Knee replacement is a quality of life operation, so really it depends how bad the pain is and how much that is impacting on your quality of life and restricting all your daily activities, so if it gets to the point where you are on painkillers every day, you might not be able to walk more then 5-10 minutes before you’re getting paid, you’re having a lot of swelling, maybe you can’t even sleep at night with the pain, those are all sort of factors that you might start saying would indicate it’s time to get a knee replacement.

For me, age doesn’t matter as much, it’s about the symptoms and how much that’s impacting your quality of life.
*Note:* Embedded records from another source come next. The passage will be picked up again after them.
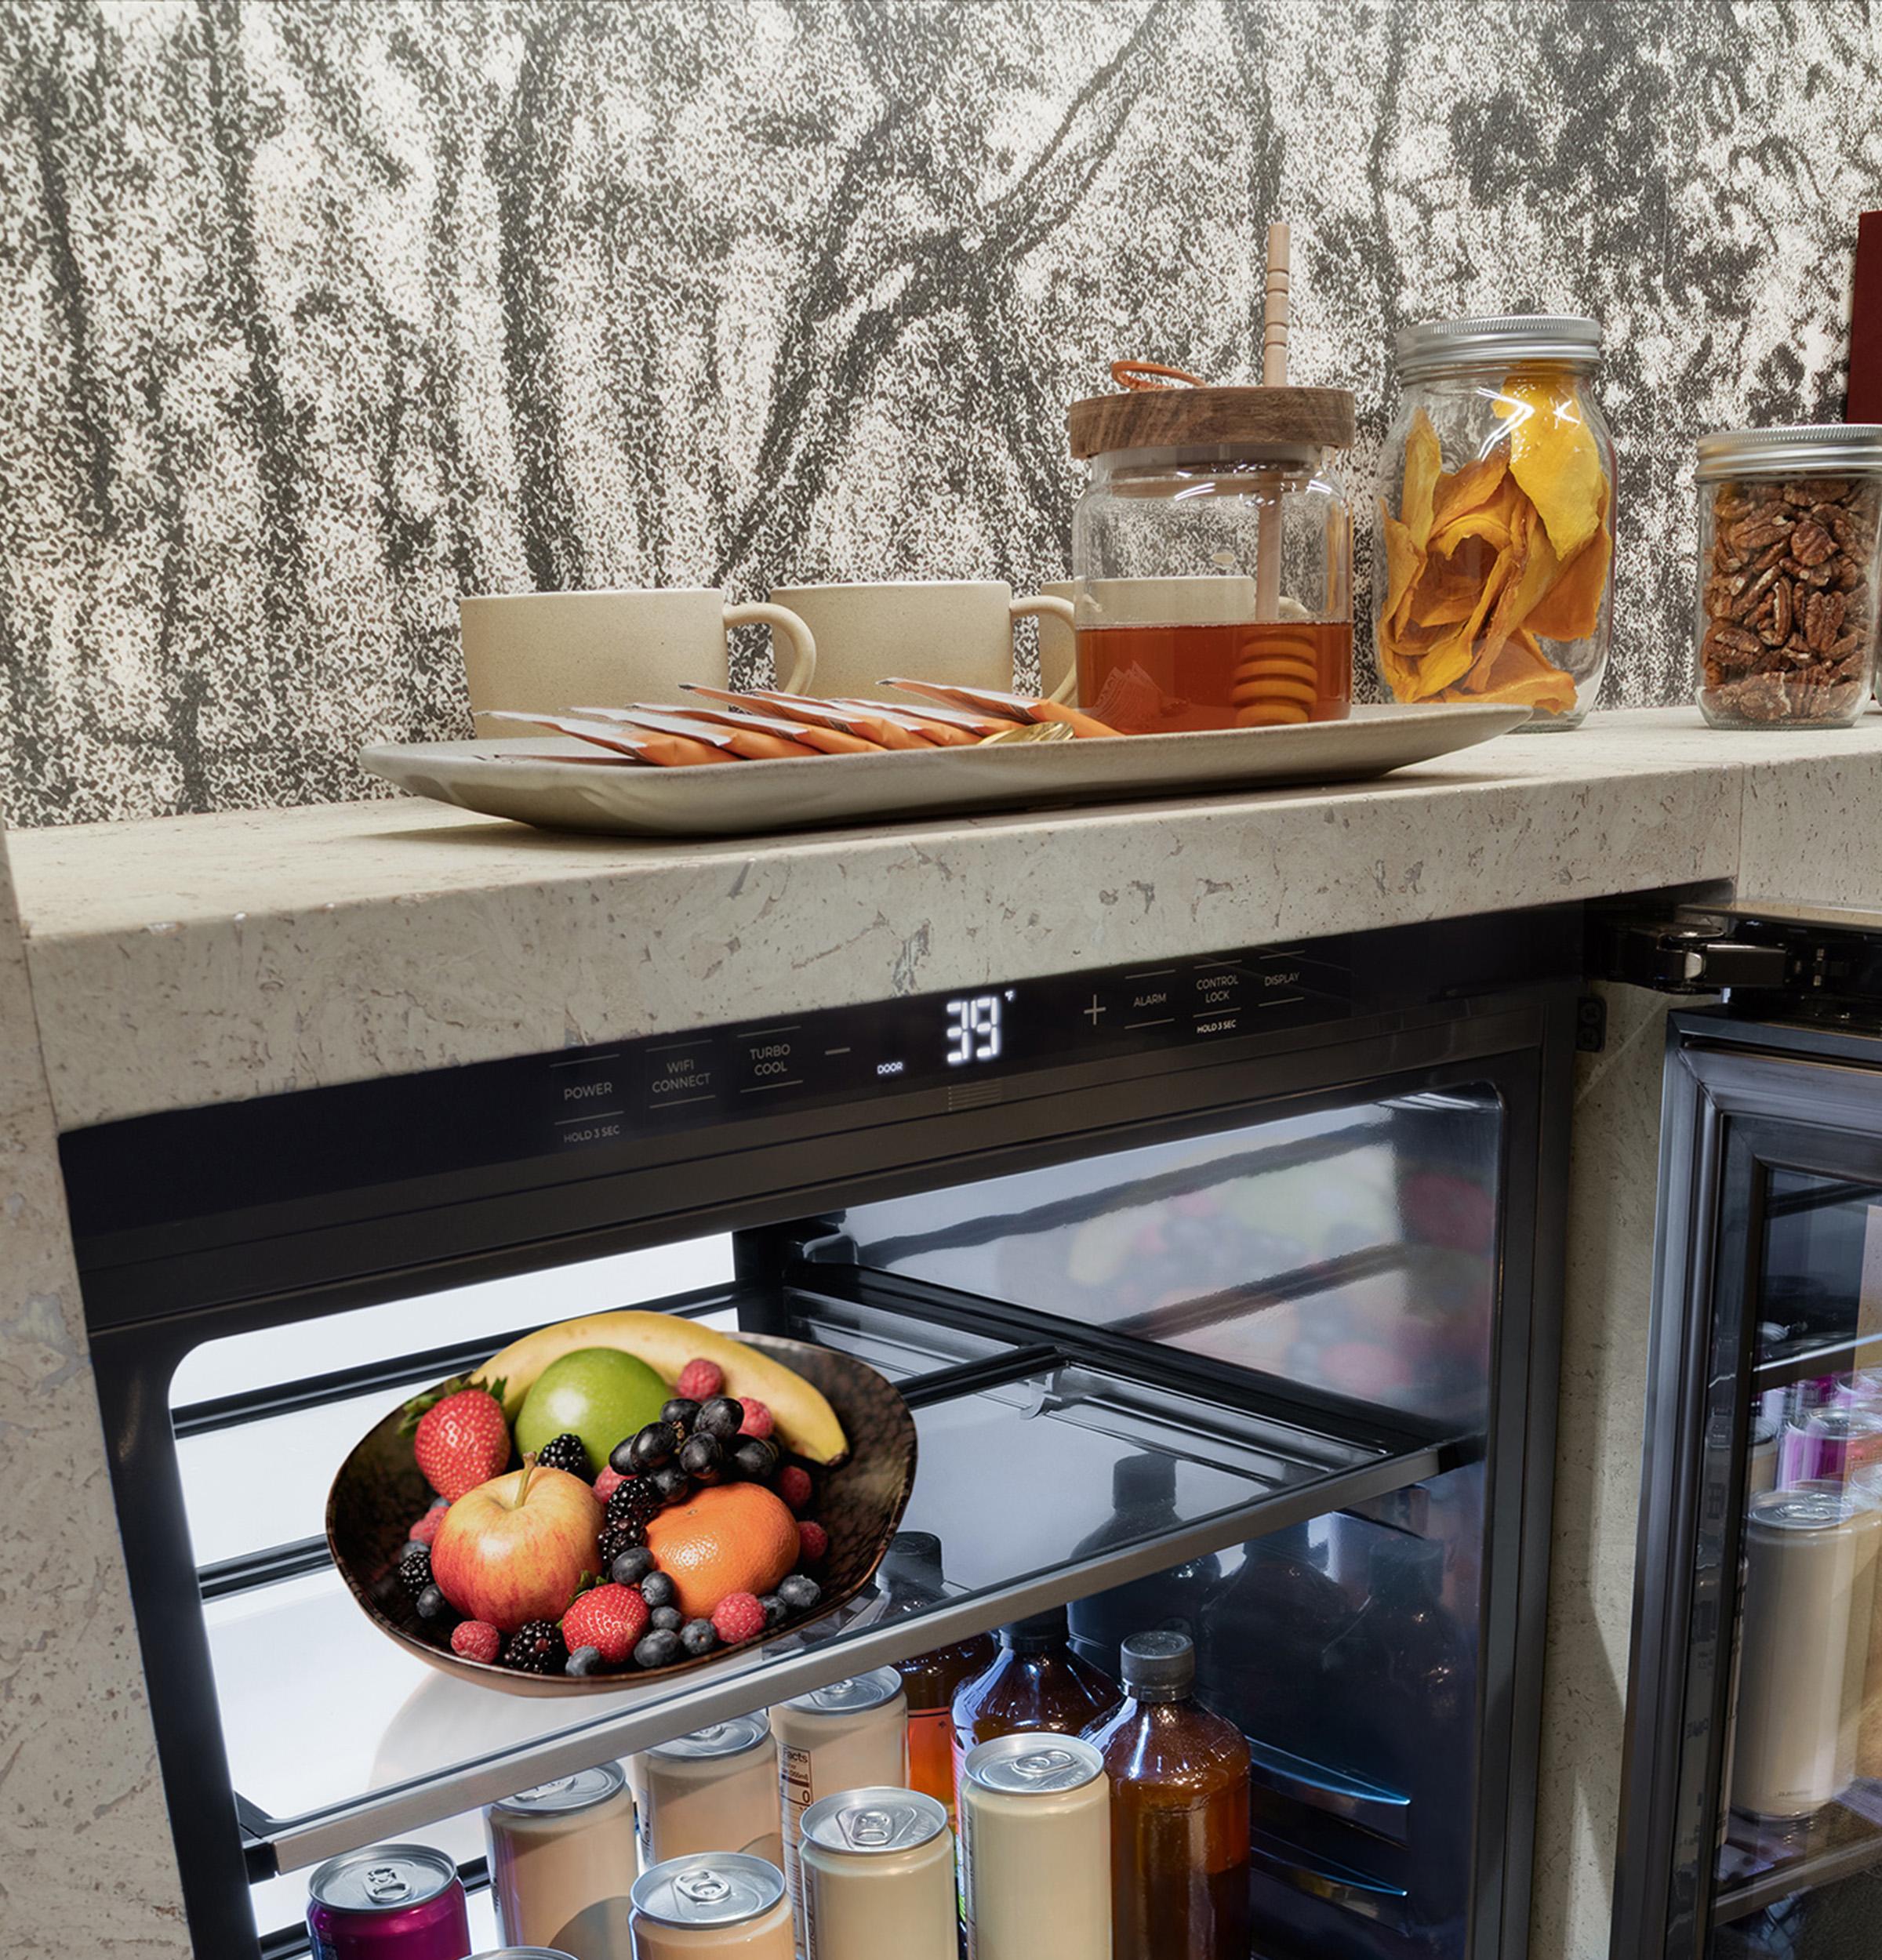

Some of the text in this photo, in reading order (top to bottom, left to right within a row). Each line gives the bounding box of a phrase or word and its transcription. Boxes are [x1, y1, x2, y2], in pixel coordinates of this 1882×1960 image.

[1196, 975, 1239, 991] CONTROL
[1264, 972, 1300, 986] DISPLAY
[1133, 993, 1167, 1007] ALARM
[1205, 991, 1230, 1004] LOCK
[946, 996, 999, 1064] 39
[1197, 1019, 1237, 1034] HOLD 3 SEC
[749, 1044, 790, 1060] TURBO
[667, 1059, 695, 1073] WIFI
[754, 1061, 787, 1076] COOL
[877, 1062, 903, 1075] DOOR
[652, 1073, 711, 1093] CONNECT
[564, 1082, 612, 1101] POWER
[564, 1124, 621, 1143] HOLD 3 SEC
With regards to getting back to say something like golf, it would probably take I would say at least 3 months before you get back to any type of golf.

it’s much like the knee, I always say to everyone to some degree all of us will have a little bit of wear and tear in our joints, in our knee and your hip and some people may be affected with symptoms of it and others may not.
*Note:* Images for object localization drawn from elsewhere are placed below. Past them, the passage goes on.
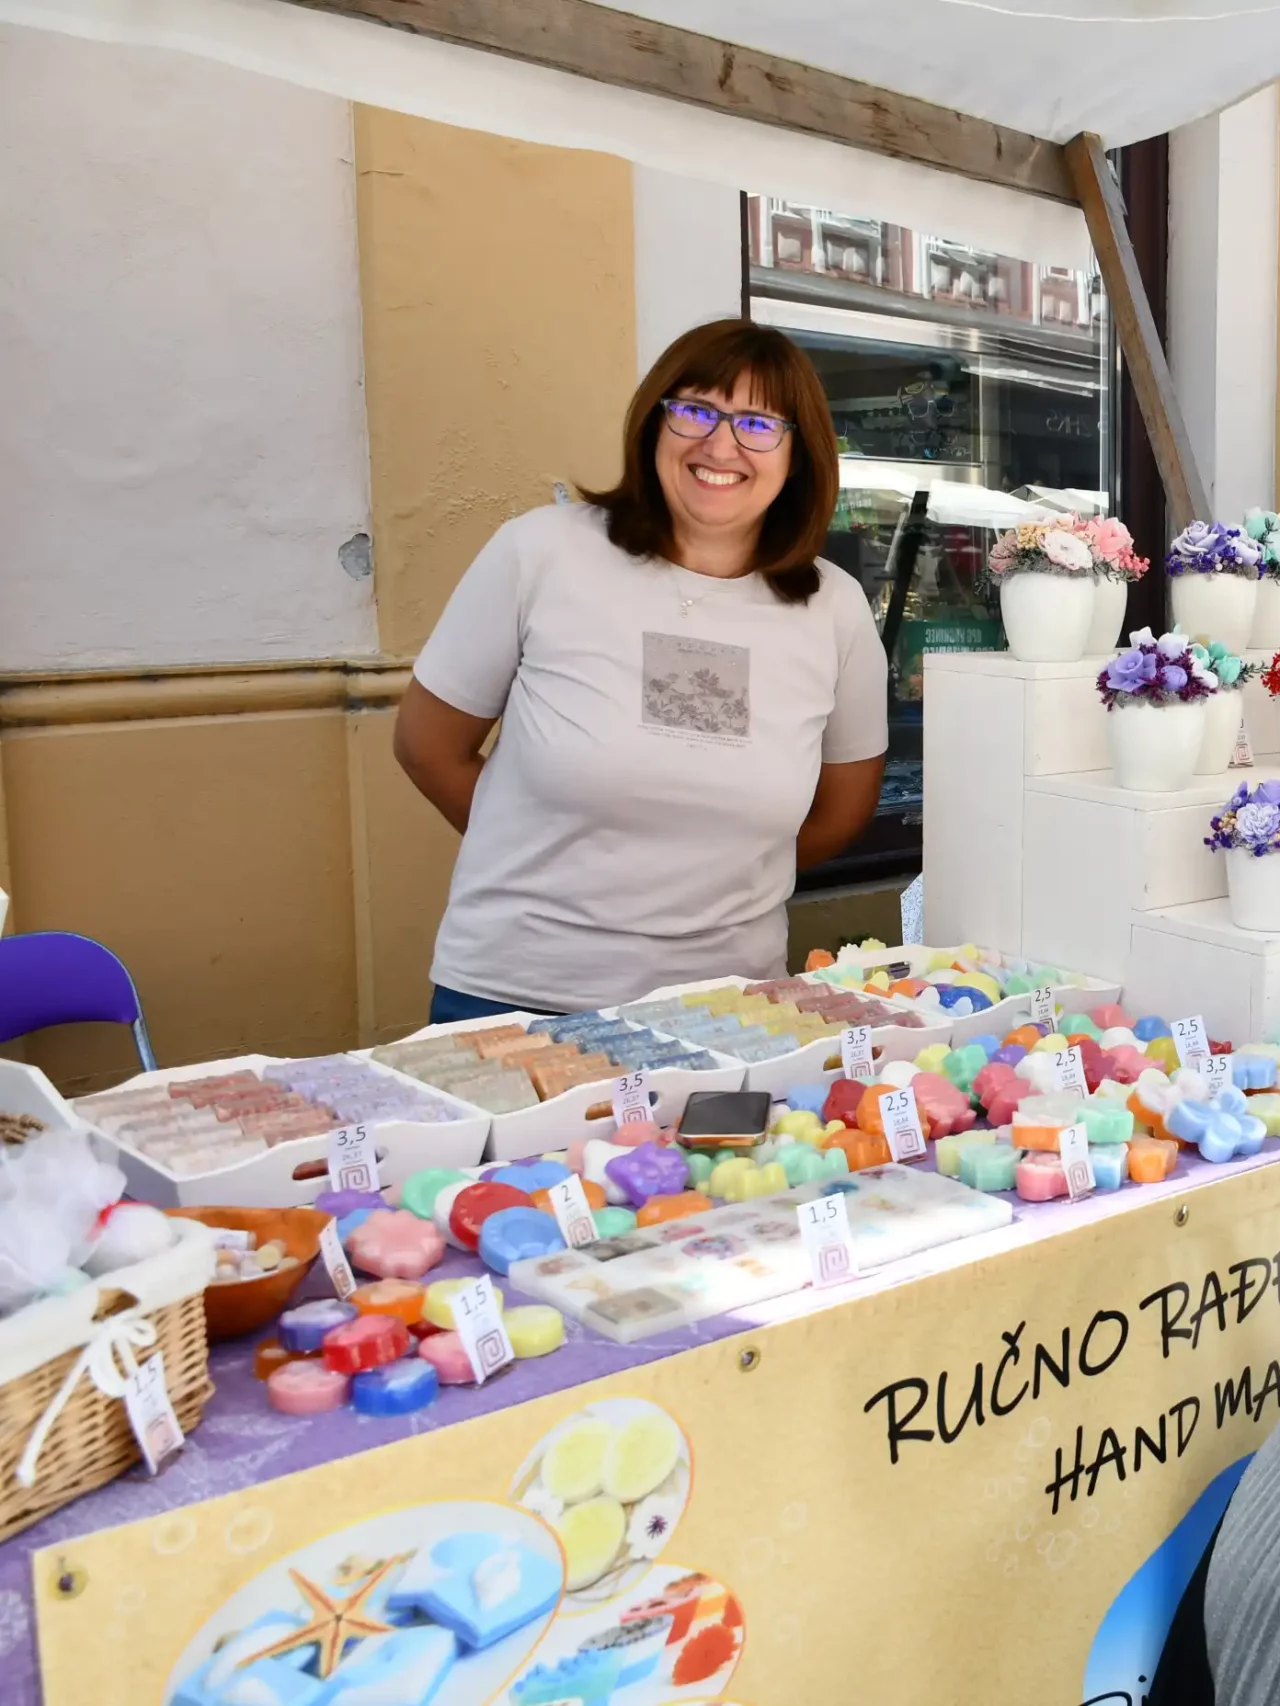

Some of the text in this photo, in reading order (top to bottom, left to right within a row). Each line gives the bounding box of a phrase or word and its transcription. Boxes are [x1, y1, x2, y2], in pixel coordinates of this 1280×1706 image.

[1035, 986, 1051, 1003] 2,5
[847, 1028, 867, 1045] 3,5
[1177, 1019, 1198, 1036] 2,5
[1055, 1048, 1076, 1067] 2,5
[1206, 1056, 1227, 1075] 3,5
[619, 1073, 643, 1092] 3,5
[885, 1091, 909, 1112] 2,5
[337, 1125, 367, 1146] 3,5
[1068, 1128, 1077, 1145] 2
[561, 1184, 572, 1202] 2
[808, 1200, 837, 1224] 1,5
[461, 1283, 487, 1316] 1,5
[864, 1309, 1129, 1464] RUČNO
[1045, 1396, 1201, 1515] HAND
It depends on your symptoms and there was a slide there that I mentioned that around 30 % people of people in their lifetime would need a knee replacement and haven’t had a diagnosis of OA, so there is a large majority of people I would say of people who have wear and tear and don’t have the symptoms that would fit to need something like a hip replacement.

I suppose the short answer is yes, some people get relief off it, others don’t, it probably would help in the more mild-moderate cases of OA. It is as I mentioned one of the first-line treatments either hyaluronic acid or steroid injection or a platelet-rich plasma injection, it would be the initial treatment for me to try conservative management, so you inject it and get some physiotherapy.
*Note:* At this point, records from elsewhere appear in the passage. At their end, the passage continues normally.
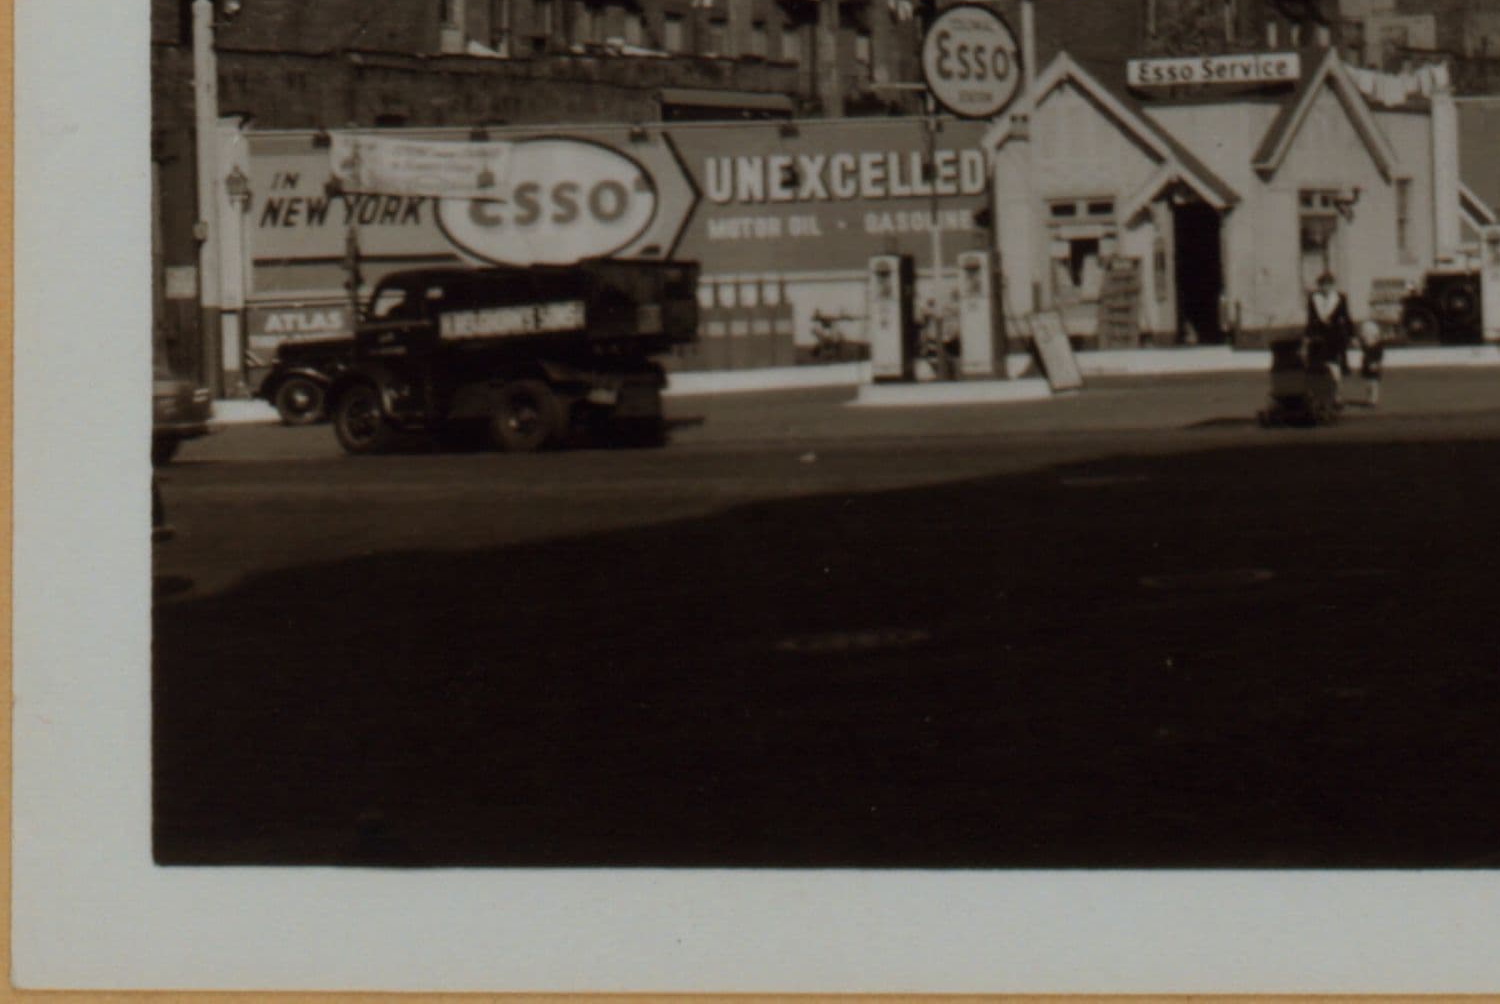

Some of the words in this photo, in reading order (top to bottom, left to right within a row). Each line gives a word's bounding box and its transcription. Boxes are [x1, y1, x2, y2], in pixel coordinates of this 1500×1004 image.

[1138, 61, 1194, 83] Esso
[1201, 58, 1288, 79] Service
[270, 172, 300, 190] IN
[704, 149, 987, 203] UNEXCELLED
[259, 196, 331, 228] NEW
[343, 193, 427, 226] YORK
[707, 215, 783, 240] MOTOR
[788, 214, 823, 238] OIL
[863, 209, 974, 234] GASOLINE
[263, 310, 344, 333] ATLAS
Then give it a period of around 4-6months and see what type of benefit that would have and then you know to base your decision on whether or not you need to do something further based on how long relief that they’ve had from it.

If you look at a lot of the evidence on this, there’s not t great deal of evidence to say that any brace is actually going to do anything physically but what I normally say to people is if they feel as if it’s given some sort of symptomatic relief then I would say you can try it, normally I would say not too spend too much on any sort of fancy braces but yeah if it is given some type of relief, I would say go ahead yeah.

That’s very, very common and what it is normally, maybe as I mentioned in the talk there are two main parts of the knee, there Is the main hinge part between the thigh bone and the shin bone and then the other part is between the knee cap and the thigh bone, your patella, so it’s extremely common to get a little bit of wear and tear underneath the patella and when you have patellar wear when you’re coming downstairs or inclines, that’s the moment that part of the joint is being loaded more, so roughly about seven times your body weight that goes through the knee on these activities and that’s why it’s probably more sore doing these activities.

I have to say but whenever people do have patellofemoral degenerative changes it can be very well managed conservatively and generally doesn’t end up needing any knee replacement as such because it’s only really on activities such as going downhill or going downstairs.

If you have a meniscus tear and you’re pain-free I would say, yeah you should play on, it doesn’t mean you’re not going to cause any more damage to it, and if you are completely pain-free then sometimes you may not even need the surgery for it because as I mentioned before meniscal tears they can be a-symptomatic as well so if your managing fairly well and you’ve got the tear it doesn’t necessarily mean that you need to go and have the operation.

It depends on what type of tear it is, the orientation of the tear but generally the most common type of tear is degenerative meniscus tear and those types of tears don’t heal as such but what I normally say is they can become a-symptomatic whereby yes you have a tear but it does cause any symptoms but it doesn’t necessarily heal itself.